O Tribunal de Contas do Estado do Amazonas (TCE-AM) decidiu suspender, de forma cautelar, a contratação da empresa Norte Ambiental Tratamento de Resíduos LTDA pela Prefeitura de Careiro. A medida foi tomada após uma representação feita por advogados que apontaram irregularidades no processo de contratação, especificamente no Pregão Eletrônico nº 003/2023. A decisão foi publicada na edição nº 3627 do Diário Oficial Eletrônico do TCE-AM, em 2 de setembro de 2025.
A denúncia que levou à suspensão do contrato envolveu alegações de que a empresa contratada não estaria cumprindo corretamente suas obrigações. Além disso, apontou-se que a execução do contrato poderia prejudicar a destinação adequada dos resíduos sólidos, o que comprometeria o interesse público e a saúde ambiental da população.
O Conselheiro-substituto Júlio Pinheiro, responsável pelo processo, determinou que a prefeita de Careiro, Mara Alves de Lima, seja notificada sobre a suspensão do contrato e apresentada à defesa. A medida foi tomada com base nos indícios de falhas graves que poderiam impactar negativamente o serviço prestado à comunidade.

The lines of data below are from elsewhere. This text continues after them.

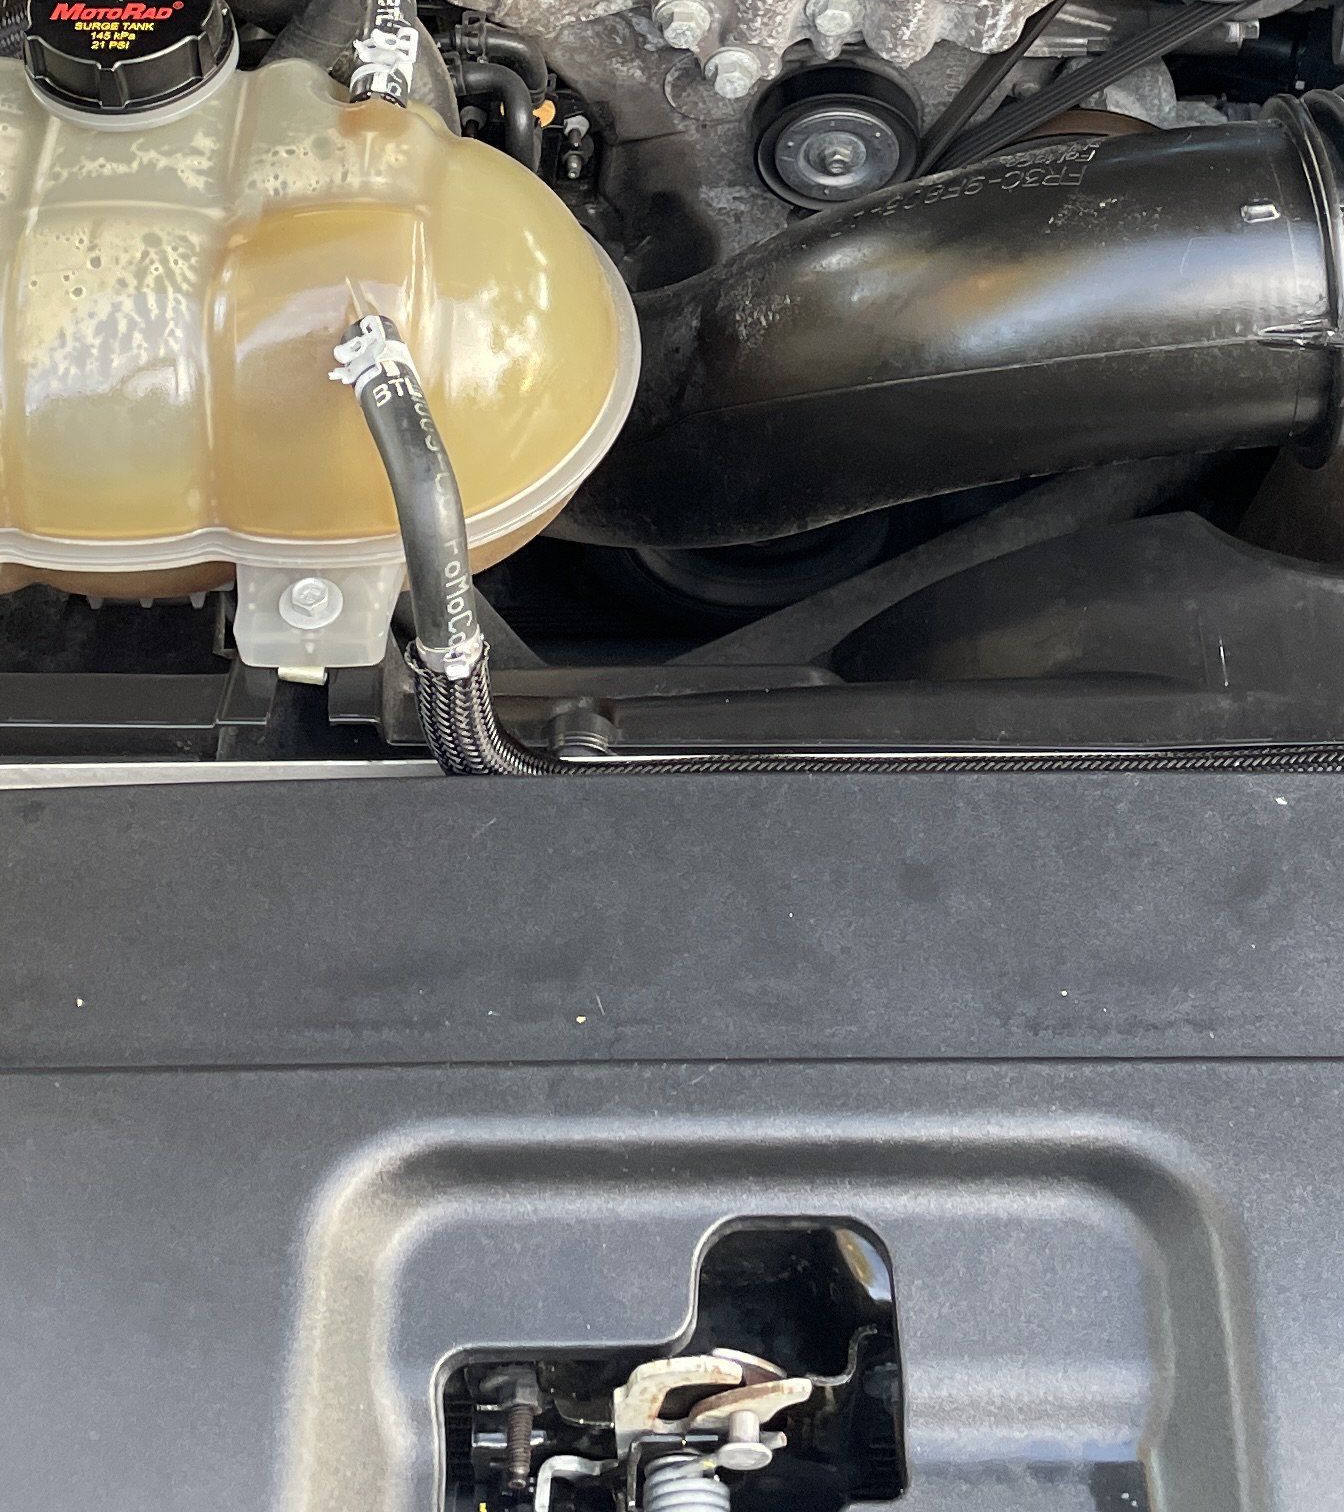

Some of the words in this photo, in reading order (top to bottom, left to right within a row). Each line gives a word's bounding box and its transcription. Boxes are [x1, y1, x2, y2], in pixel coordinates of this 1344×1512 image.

[74, 22, 120, 31] SURGE
[122, 22, 155, 31] TANK
[90, 31, 111, 40] 145
[113, 31, 136, 40] kPa
[90, 40, 106, 49] 21
[108, 40, 130, 49] PSI
[372, 376, 423, 408] BTL

A decisão também incluiu a notificação da empresa Norte Ambiental, que deve se manifestar sobre a suspensão, a fim de esclarecer os fatos apontados. O TCE-AM deu um prazo para que a administração pública e a empresa apresentem respostas e encaminhem os documentos necessários para análise detalhada do caso.
Com a suspensão do contrato, a Prefeitura de Careiro fica impedida de continuar com a execução do serviço até que a situação seja resolvida. A medida visa garantir que os recursos públicos sejam usados de forma eficiente e que o contrato atenda aos princípios da legalidade e transparência previstos pela Constituição.

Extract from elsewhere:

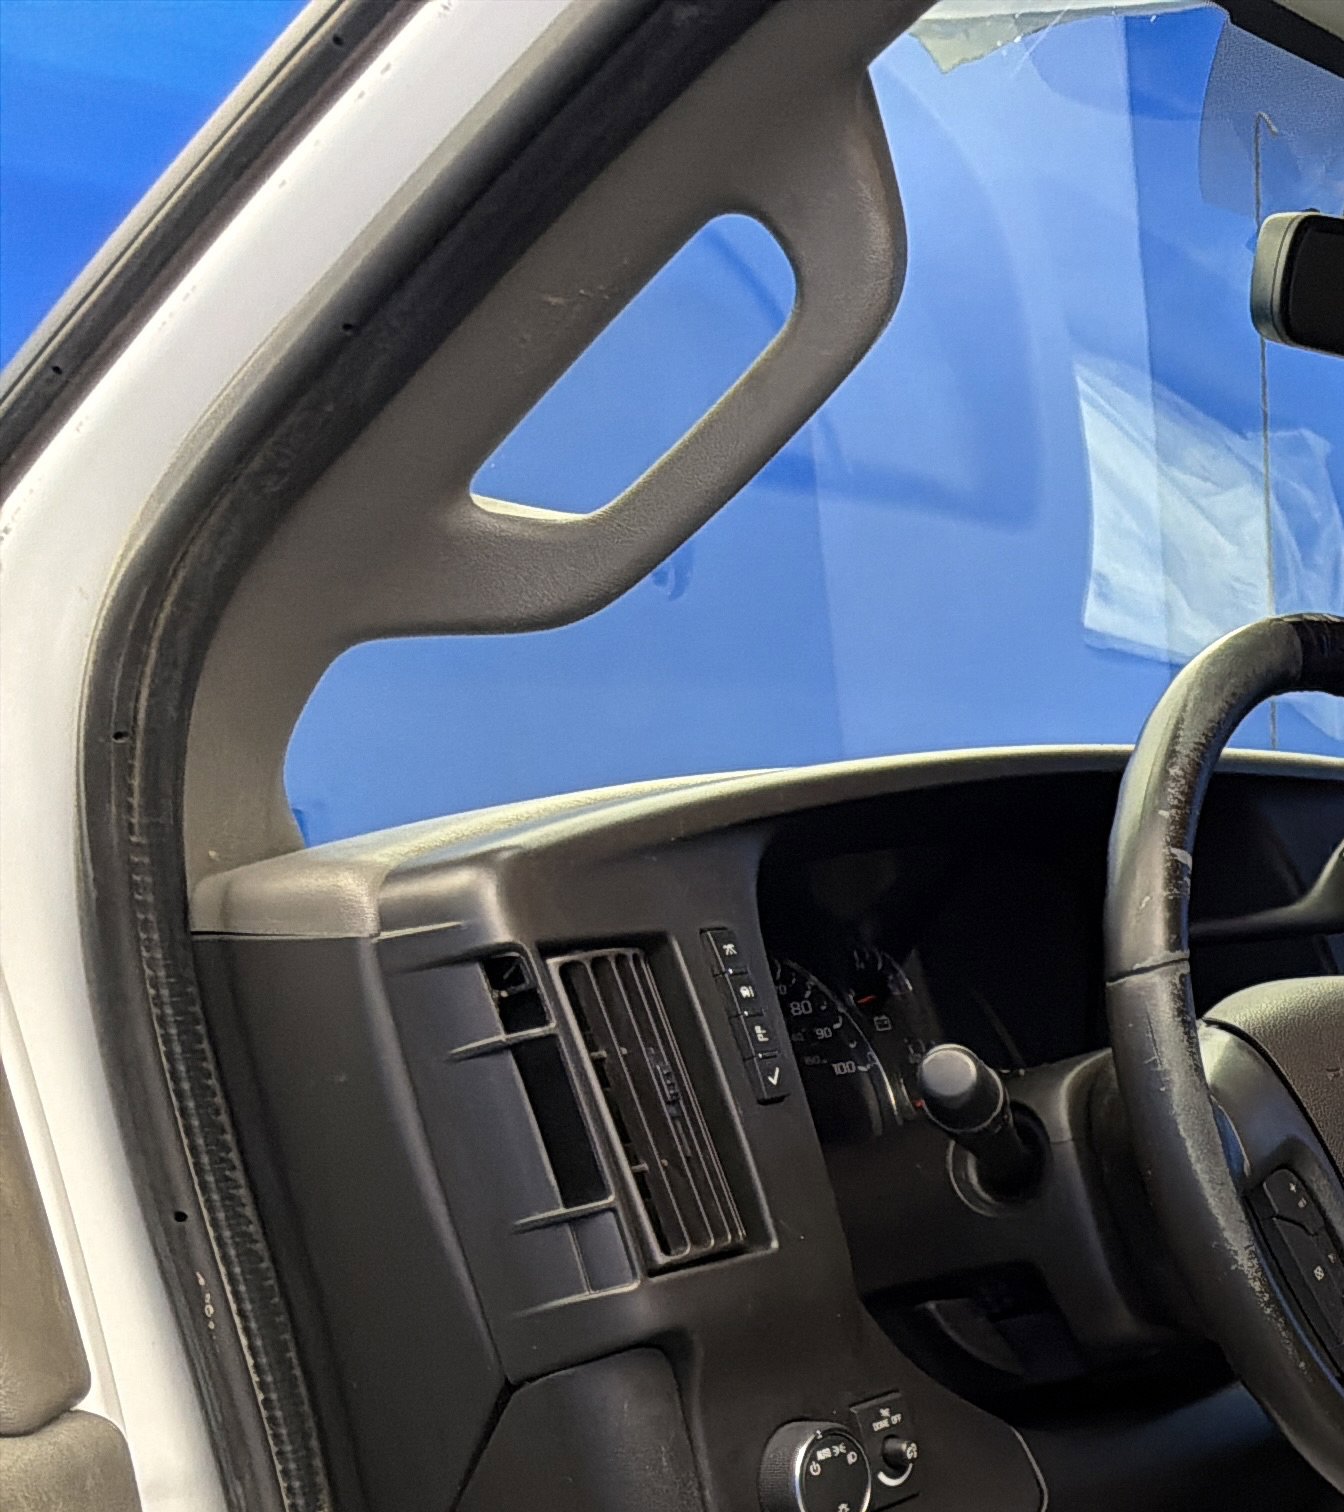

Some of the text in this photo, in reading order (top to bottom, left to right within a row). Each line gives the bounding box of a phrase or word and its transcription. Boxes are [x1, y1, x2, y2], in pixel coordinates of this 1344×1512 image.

[789, 999, 813, 1016] 80
[815, 1027, 832, 1040] 90
[831, 1060, 856, 1076] 100

Essa suspensão é apenas a primeira etapa do processo. O TCE-AM continuará acompanhando o caso e tomará outras medidas, se necessário, para assegurar que as irregularidades sejam corrigidas e que o interesse público seja protegido. Dependendo dos desdobramentos, a prefeitura e a empresa podem ser responsabilizadas pelas falhas apontadas, com possíveis sanções.